= EXERCISE AIM =
An image-free, exact copy of the records below is required.

[Dataset entries]
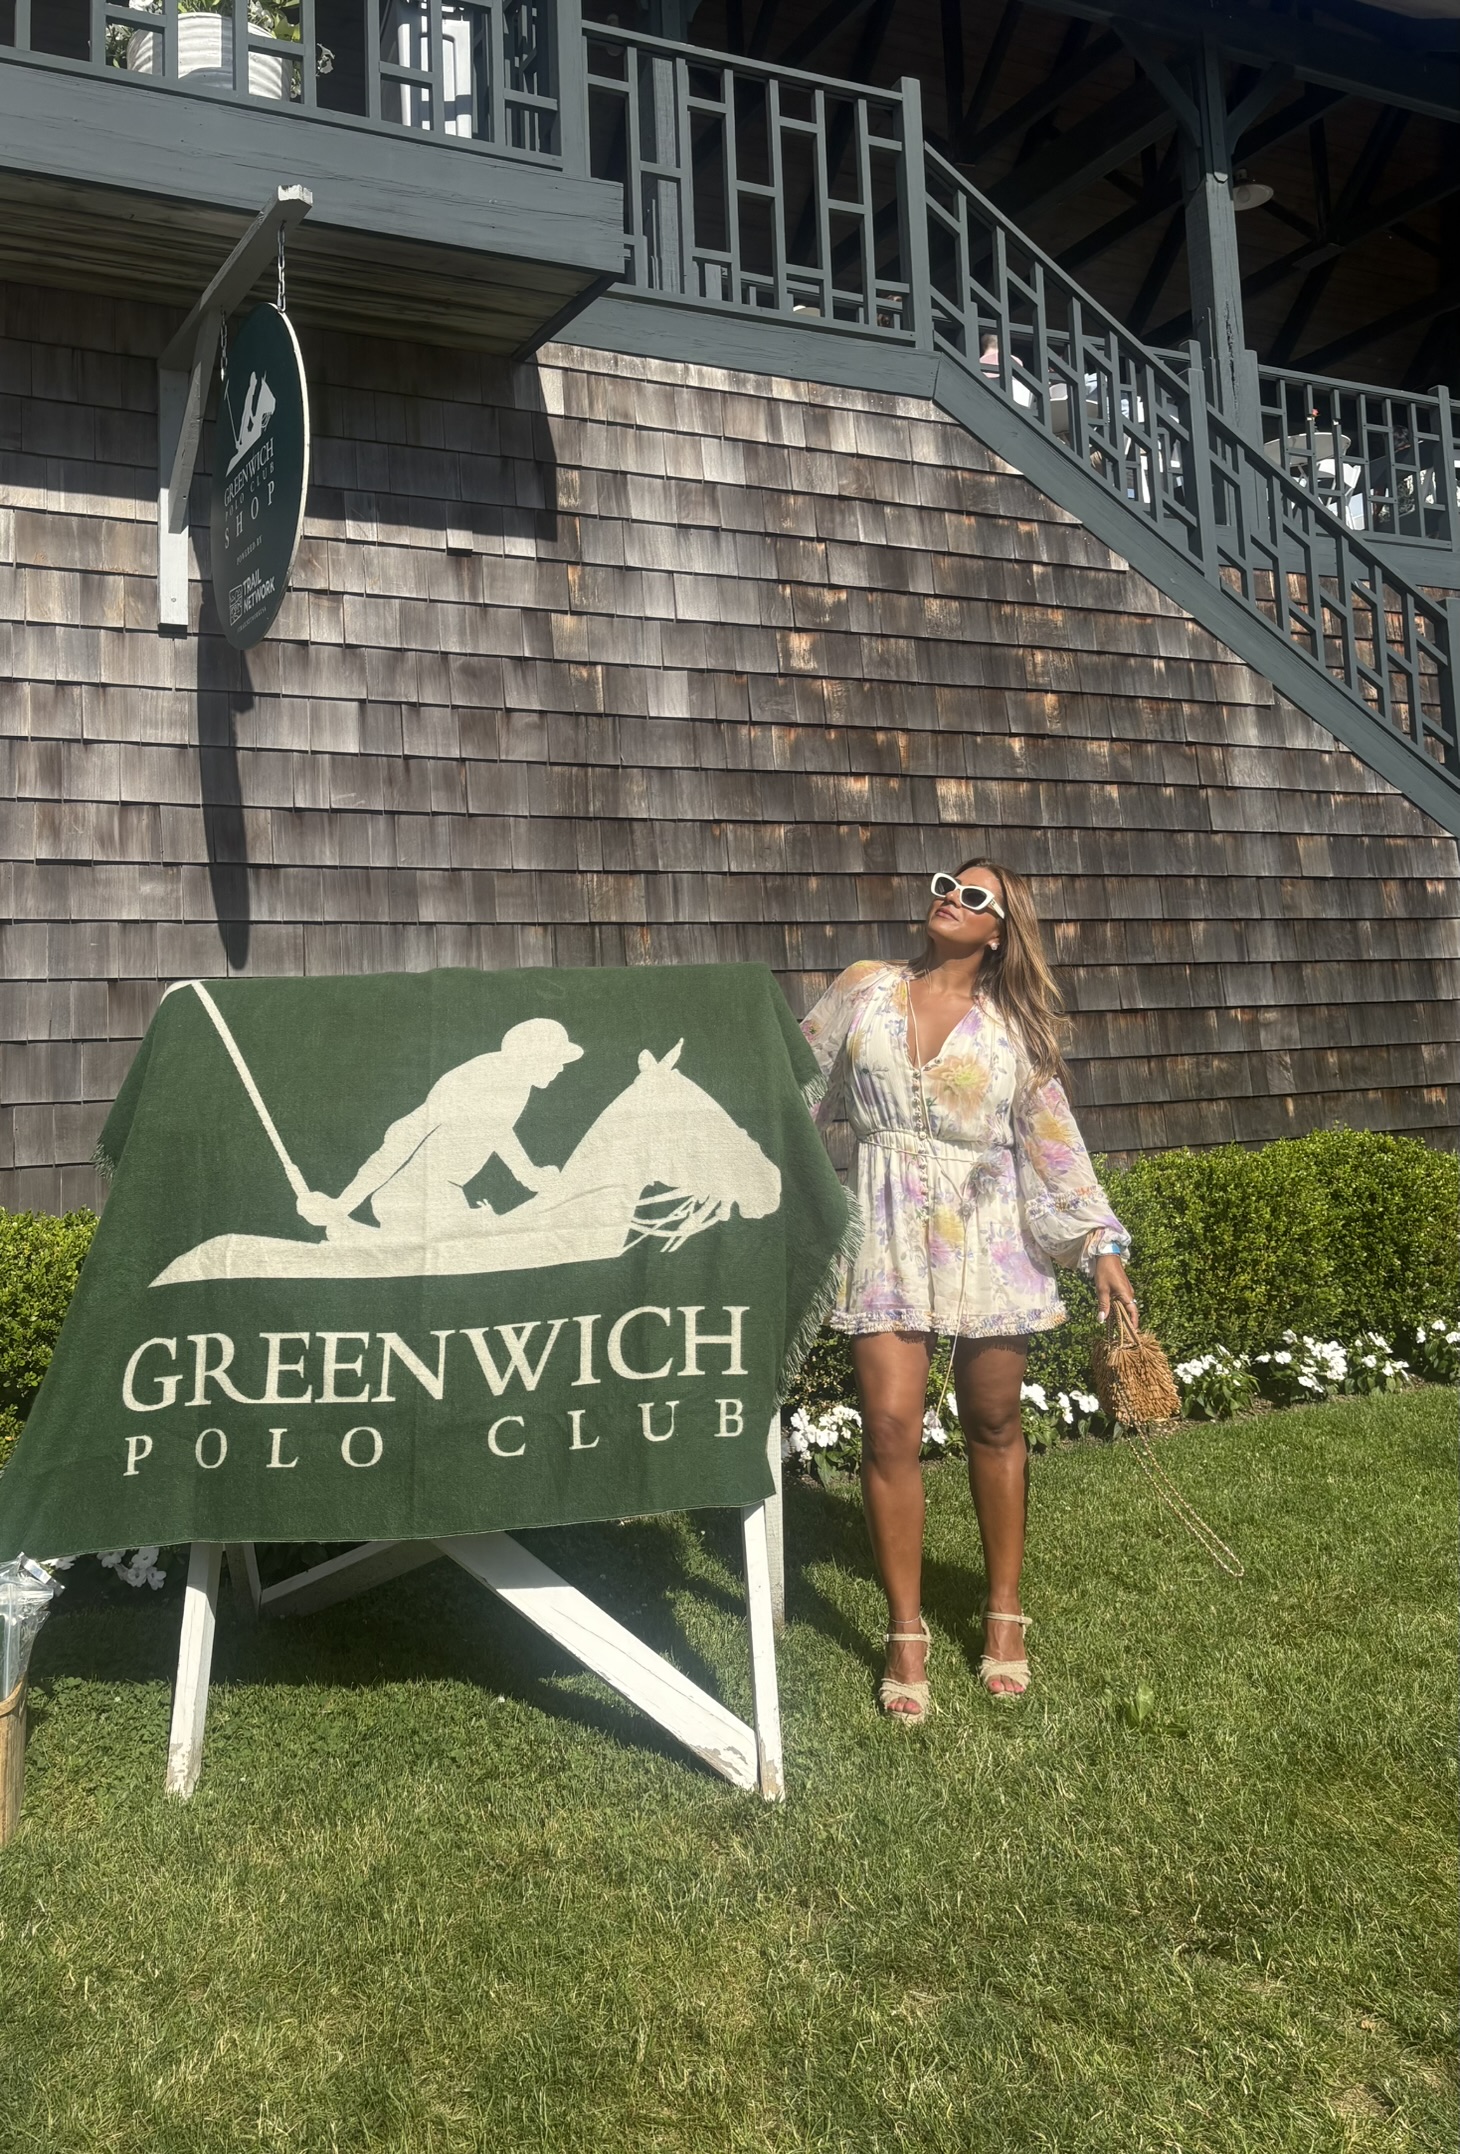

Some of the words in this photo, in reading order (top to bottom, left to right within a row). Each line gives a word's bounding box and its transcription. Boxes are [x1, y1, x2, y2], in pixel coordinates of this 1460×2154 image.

[224, 437, 274, 507] GREENWICH
[225, 492, 245, 521] POLO
[250, 461, 275, 493] CLUB
[224, 480, 275, 549] SHOP
[243, 568, 262, 596] TRAIL
[243, 576, 275, 613] NETWORK
[122, 1305, 750, 1412] GREENWICH
[123, 1426, 384, 1477] POLO
[487, 1398, 744, 1457] CLUB
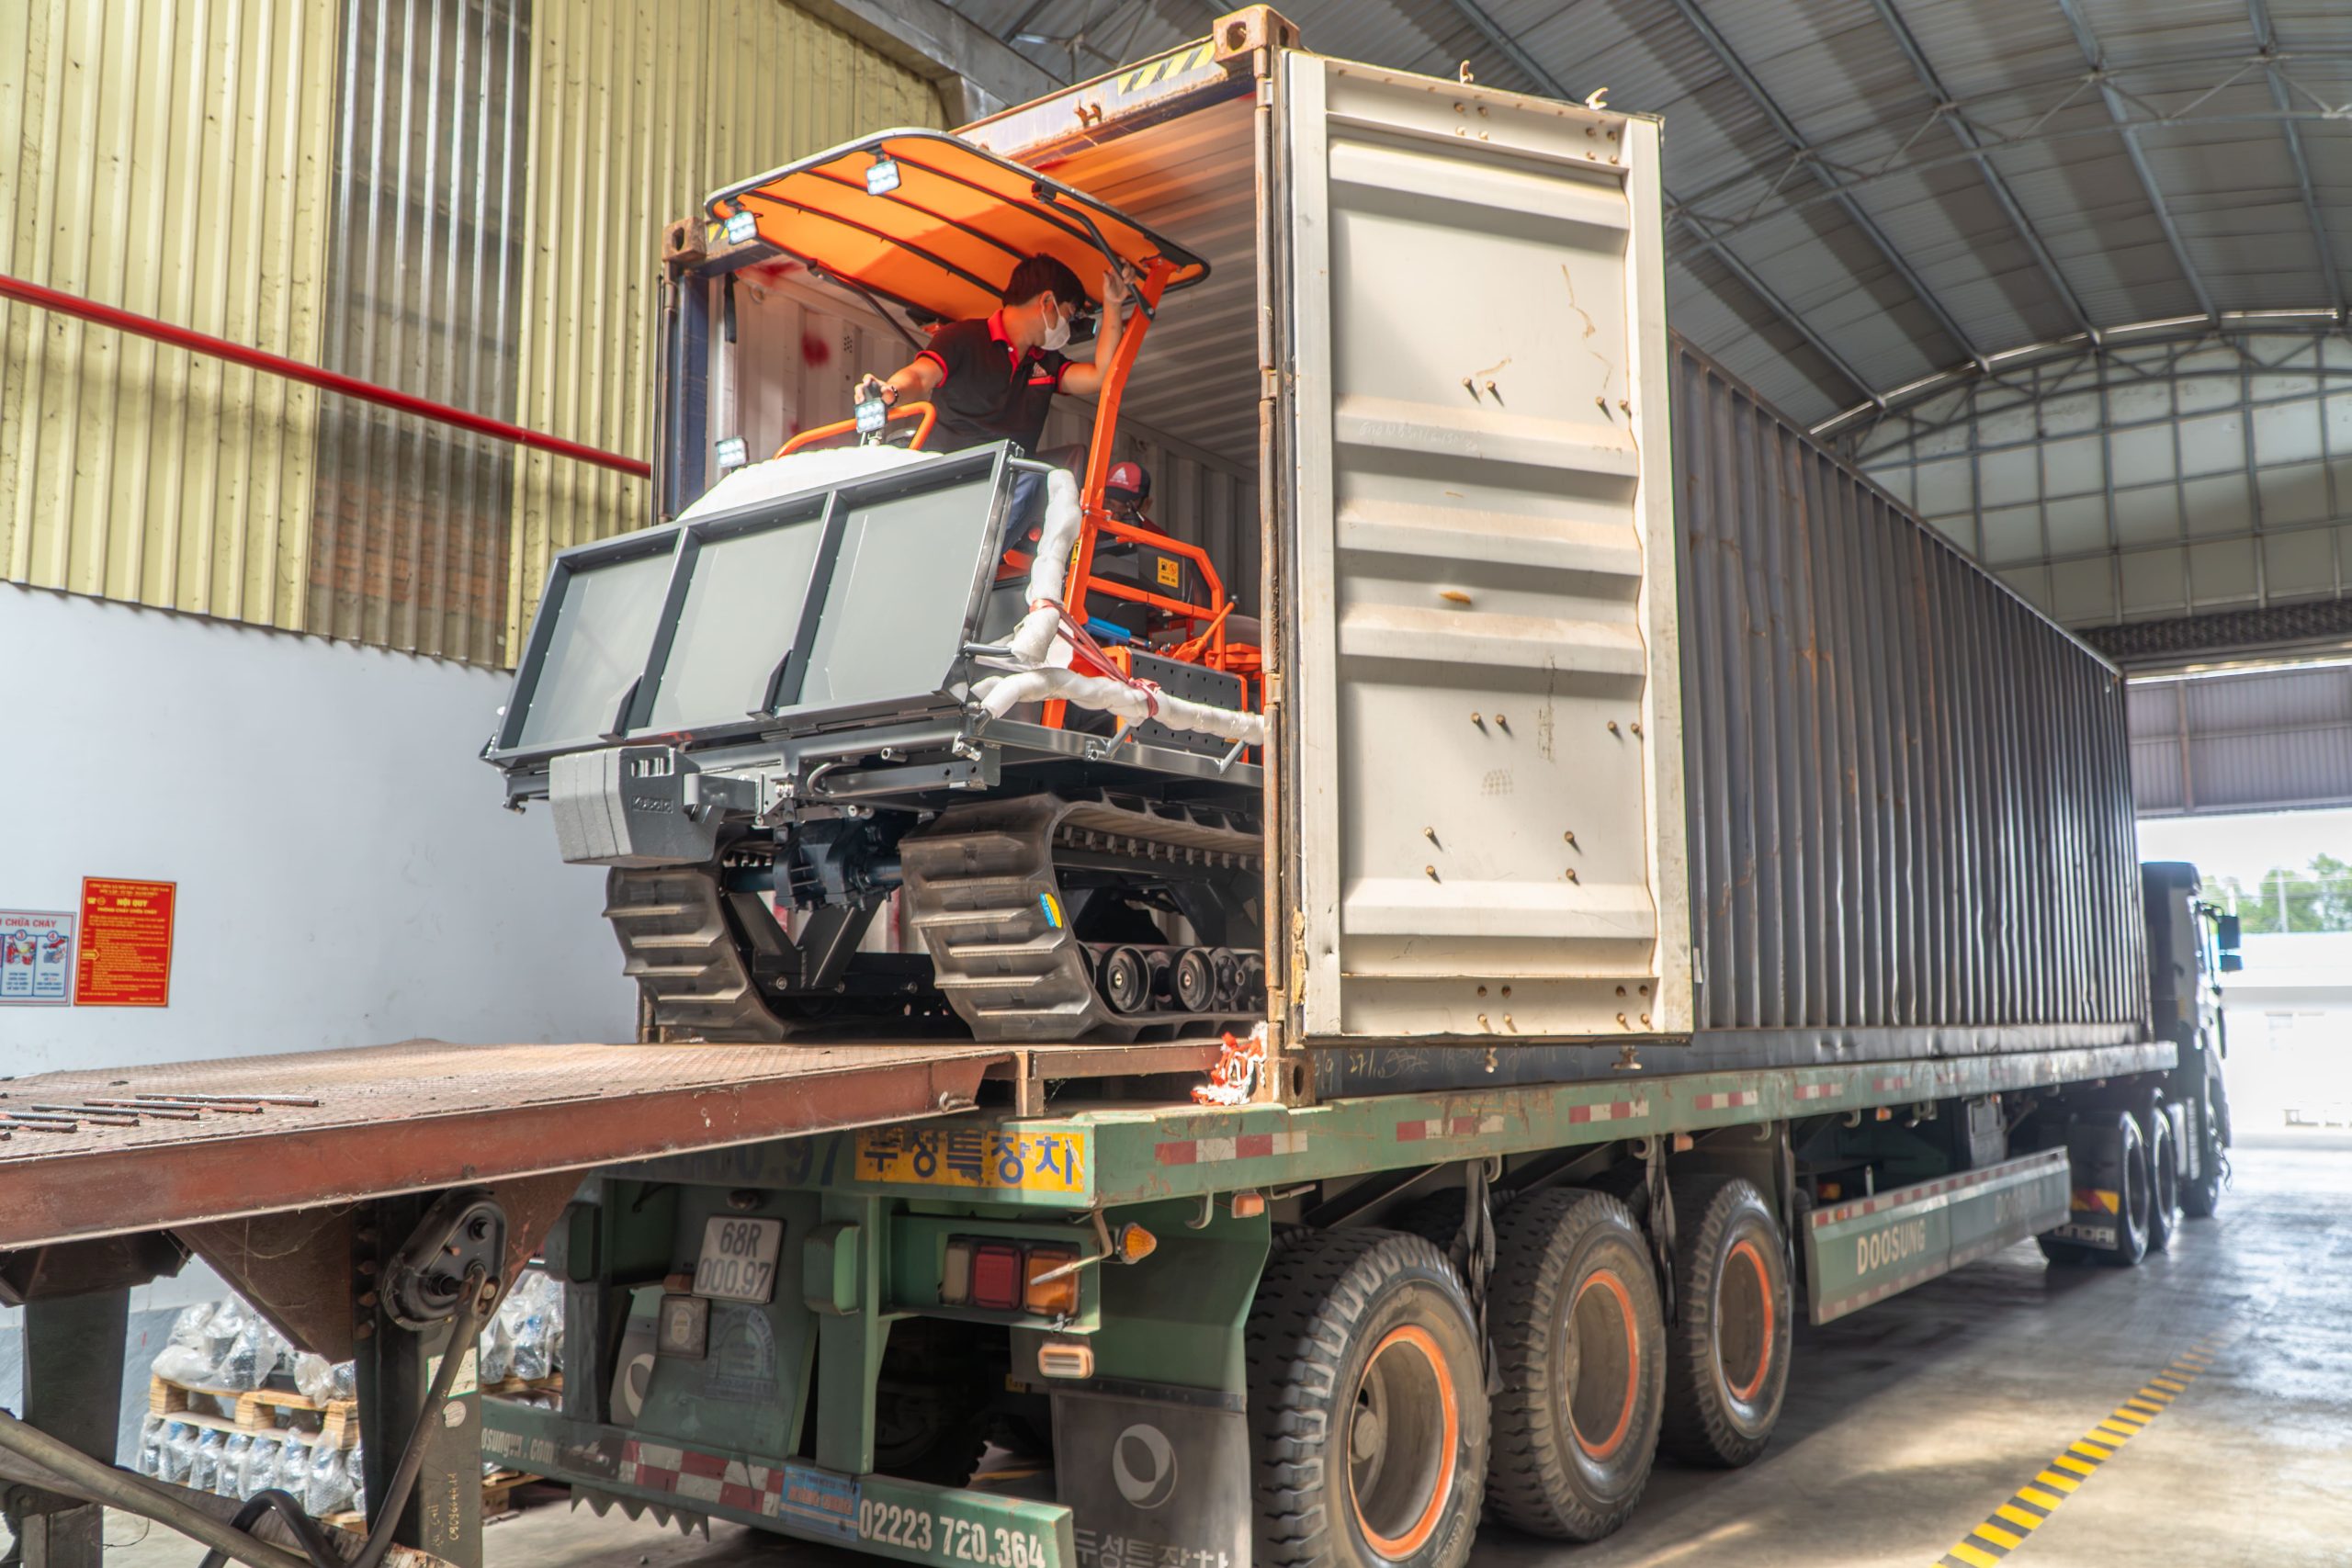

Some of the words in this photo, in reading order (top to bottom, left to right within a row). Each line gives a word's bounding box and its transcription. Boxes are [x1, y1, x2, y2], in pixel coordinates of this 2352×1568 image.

[719, 1222, 762, 1258] 68R
[1857, 1219, 1926, 1276] DOOSUNG
[696, 1258, 772, 1297] 000.97
[858, 1499, 933, 1551] 02223
[939, 1516, 1046, 1568] 720.364

= WRITTEN ANSWER =
Some of the words in this photo, in reading order (top to bottom, left to right within a row). Each line gives a word's bounding box and its transcription. Boxes are [x1, y1, x2, y2], in pixel coordinates of this 1460×2154 image.

[224, 437, 274, 507] GREENWICH
[225, 492, 245, 521] POLO
[250, 461, 275, 493] CLUB
[224, 480, 275, 549] SHOP
[243, 568, 262, 596] TRAIL
[243, 576, 275, 613] NETWORK
[122, 1305, 750, 1412] GREENWICH
[123, 1426, 384, 1477] POLO
[487, 1398, 744, 1457] CLUB

Some of the words in this photo, in reading order (top to bottom, left to right within a row). Each line gives a word's bounding box and its transcription. Boxes are [x1, y1, x2, y2], in pixel coordinates of this 2352×1568 image.

[719, 1222, 762, 1258] 68R
[1857, 1219, 1926, 1276] DOOSUNG
[696, 1258, 772, 1297] 000.97
[858, 1499, 933, 1551] 02223
[939, 1516, 1046, 1568] 720.364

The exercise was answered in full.